Cet article est reproduit avec l'aimable autorisation du Dr. J.C. Deslandes et de la revue urgences pratiques.
La mode des « Nouveaux Animaux de Compagnie » ou « NAC » est en plein développement. Si la grande majorité des espèces animales originales élevées par des particuliers représente peu de risque pour leur propriétaire (rongeurs exotiques, tortues et poissons tropicaux...), quelques passionnés constituent des collections de spécimens parfois dangereux (grands félins, ours, crocodiles...).

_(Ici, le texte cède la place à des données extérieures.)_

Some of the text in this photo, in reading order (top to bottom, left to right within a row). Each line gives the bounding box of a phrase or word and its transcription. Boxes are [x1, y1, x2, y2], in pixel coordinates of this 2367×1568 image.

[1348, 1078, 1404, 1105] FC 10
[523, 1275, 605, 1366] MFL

Parmi les NAC importés sur notre territoire, les espèces venimeuses sont très recherchées par les amateurs de sensations fortes. La présence de ces animaux toxiques est à l'origine d'accidents avec inoculation de venin responsable de tableaux cliniques mal connus en France métropolitaine. Chaque année, le nombre d'envenimations par animaux exotiques semble croître : les premières observations françaises datent du début des années 80 (1) avec, à l'époque, un ou deux cas par an. Depuis, l'équipe médicale du Centre Antipoison de Marseille (CAPM) est consultée régulièrement pour aider à la prise en charge de patients envenimés par leur animal de compagnie favori. Ainsi, en 1997, sept observations avaient été collectées par le CAPM (2), ce qui paraissait beaucoup. Les auteurs présentent les 12 observations d'envenimation par animaux exotiques colligées au cours de l'année 1999. Ces cas cliniques permettent de plus de souligner les problèmes médicaux que peut entraîner cette mode des « NAC » venimeux.

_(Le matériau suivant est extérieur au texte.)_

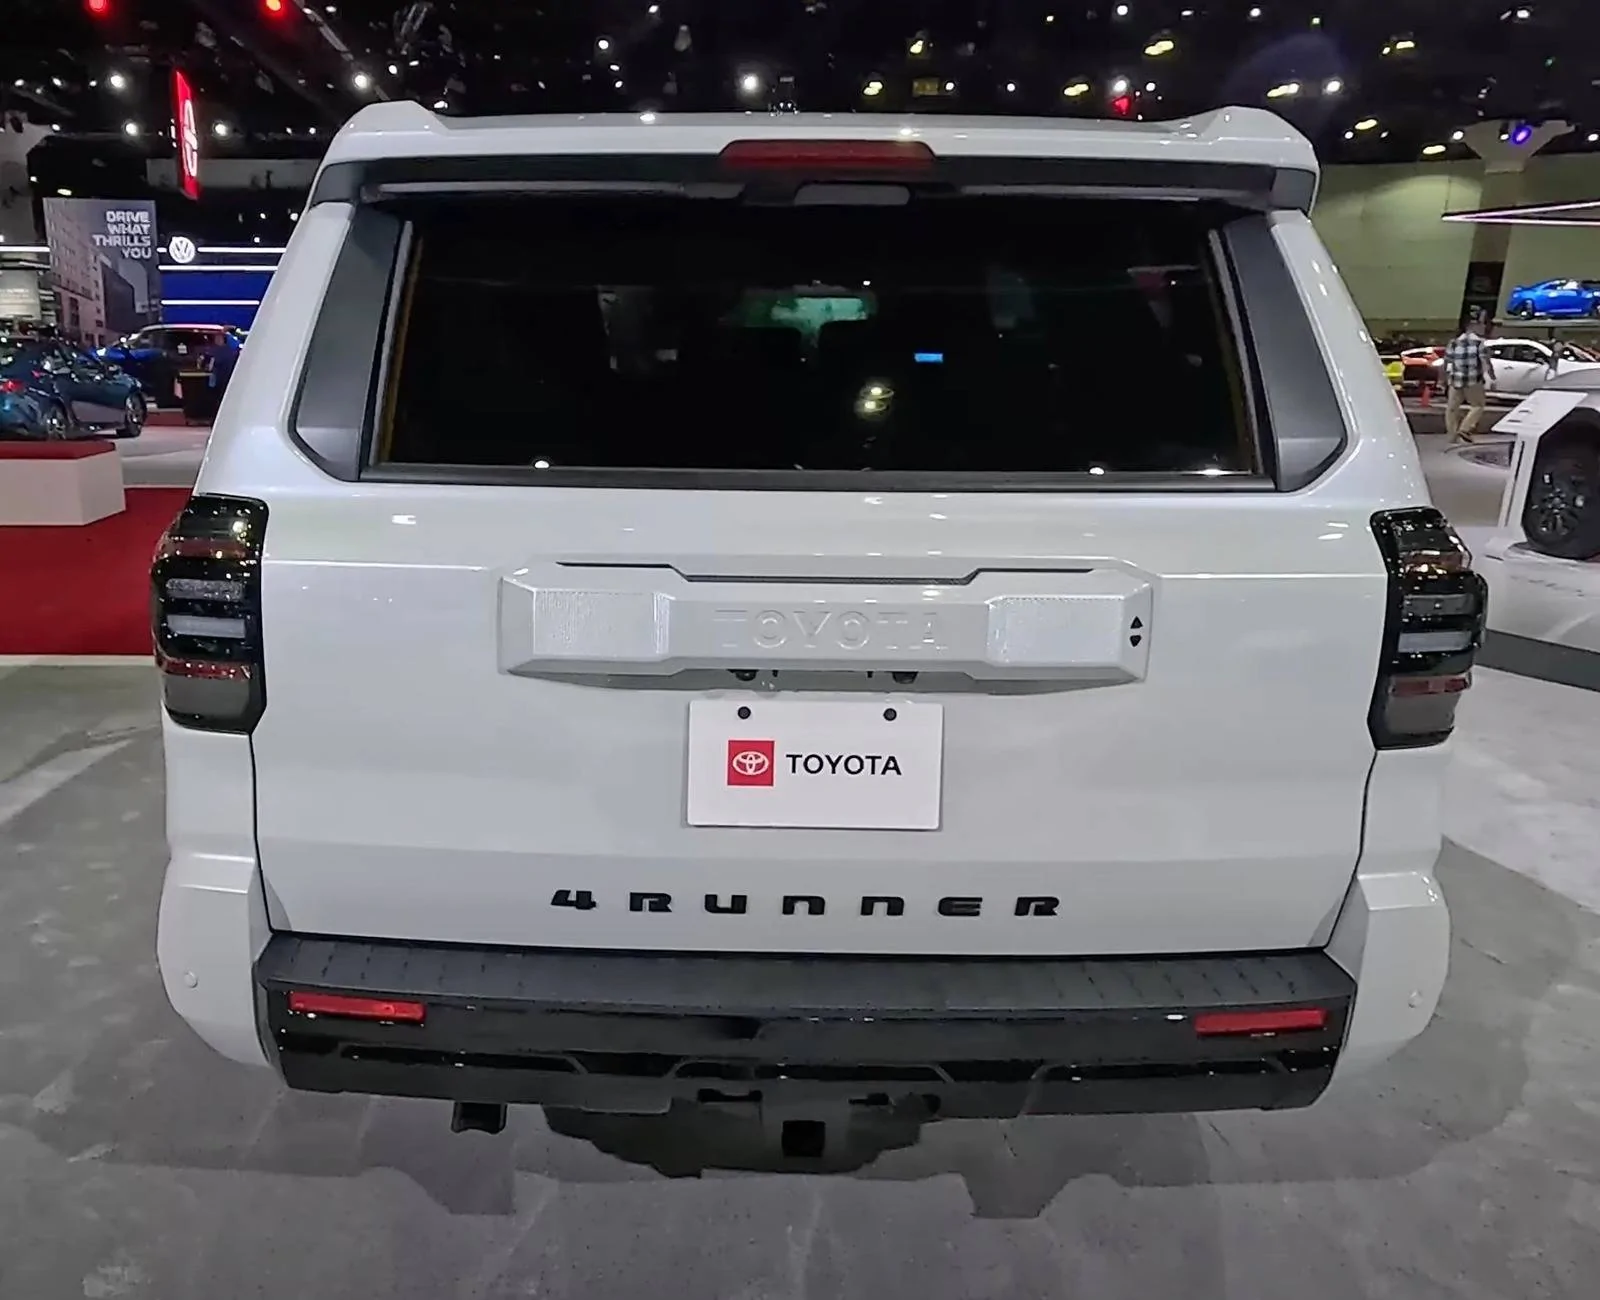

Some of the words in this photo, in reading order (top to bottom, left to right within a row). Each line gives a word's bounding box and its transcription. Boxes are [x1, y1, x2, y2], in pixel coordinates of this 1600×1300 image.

[106, 211, 150, 223] DRIVE
[107, 224, 150, 235] WHAT
[92, 235, 151, 247] THRILLS
[122, 248, 151, 259] YOU
[712, 609, 950, 650] TOYOTA
[785, 753, 903, 776] TOYOTA

Comme nous pouvons le constater dans le tableau n° 1, les animaux venimeux maintenus au domicile de particuliers peuvent être de tout type : serpents, poissons, araignées ou invertébrés marins. Ces espèces des plus variées possèdent des venins très différents et sont donc responsables de tableaux cliniques souvent mal connus des praticiens français.

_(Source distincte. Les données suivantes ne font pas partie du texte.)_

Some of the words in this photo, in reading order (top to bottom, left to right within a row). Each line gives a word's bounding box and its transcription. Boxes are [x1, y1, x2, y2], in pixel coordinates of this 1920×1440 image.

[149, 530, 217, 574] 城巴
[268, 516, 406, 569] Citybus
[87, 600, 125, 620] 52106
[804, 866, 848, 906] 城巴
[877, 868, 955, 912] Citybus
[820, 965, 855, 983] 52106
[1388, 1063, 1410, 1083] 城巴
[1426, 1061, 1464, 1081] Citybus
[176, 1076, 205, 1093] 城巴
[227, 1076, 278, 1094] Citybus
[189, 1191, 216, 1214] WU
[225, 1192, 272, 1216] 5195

Les espèces de poissons exotiques venimeuses sont nombreuses et sont souvent recherchées des aquariophiles pour leur beauté. C'est notamment le cas des rascasses volantes du genre Pterois responsables de piqûres très douloureuses. Fort heureusement, les poissons tropicaux maintenus en aquarium semblent être moins toxiques que leur congénères sauvages, car l'on n'a jamais observé en Europe de signes généraux décrits dans les îles de l'Indo-Pacifique (problème de carences alimentaires en captivité '). De façon générale, l'activité du venin de poissons osseux est très largement réduite lorsque l'on réalise le plus rapidement possible un « choc thermique » local : il faut approcher du point de piqûre une source de chaleur durant 1 à 2 minutes (sèche-cheveux ou cigarette), et cela bien sûr sans jamais brûler la peau. L'application par la suite d'un glaçon dans un linge provoque une brutale variation de température dont l'action antalgique est immédiate. Toute persistance des signes ou tout symptôme d'infection doit motiver une prise en charge médicale pour prescription de traitements symptomatiques (3).
Les techniques d'aquariophilie permettent aujourd'hui non seulement d'élever des poissons exotiques, mais aussi de récréer de véritables petits récifs coralliens où les invertébrés se multiplient. Ce type d'aquarium, dit « récifal », implique la présence de nombreuses espèces urticantes (coraux, anémones, hydraires, oursins, étoiles de mer) responsables de lésions cutanées parfois sévères (3). En cas de contact avec la peau, la zone lésée doit être abondamment rincée à l'eau de mer de l'aquarium (l'eau douce favorise la libération du venin de ces animaux marins), puis au vinaigre ou à l'alcool à 70°. La présence de phlyctènes doit toujours mener le patient à consulter un médecin qui traitera la lésion comme une brûlure thermique.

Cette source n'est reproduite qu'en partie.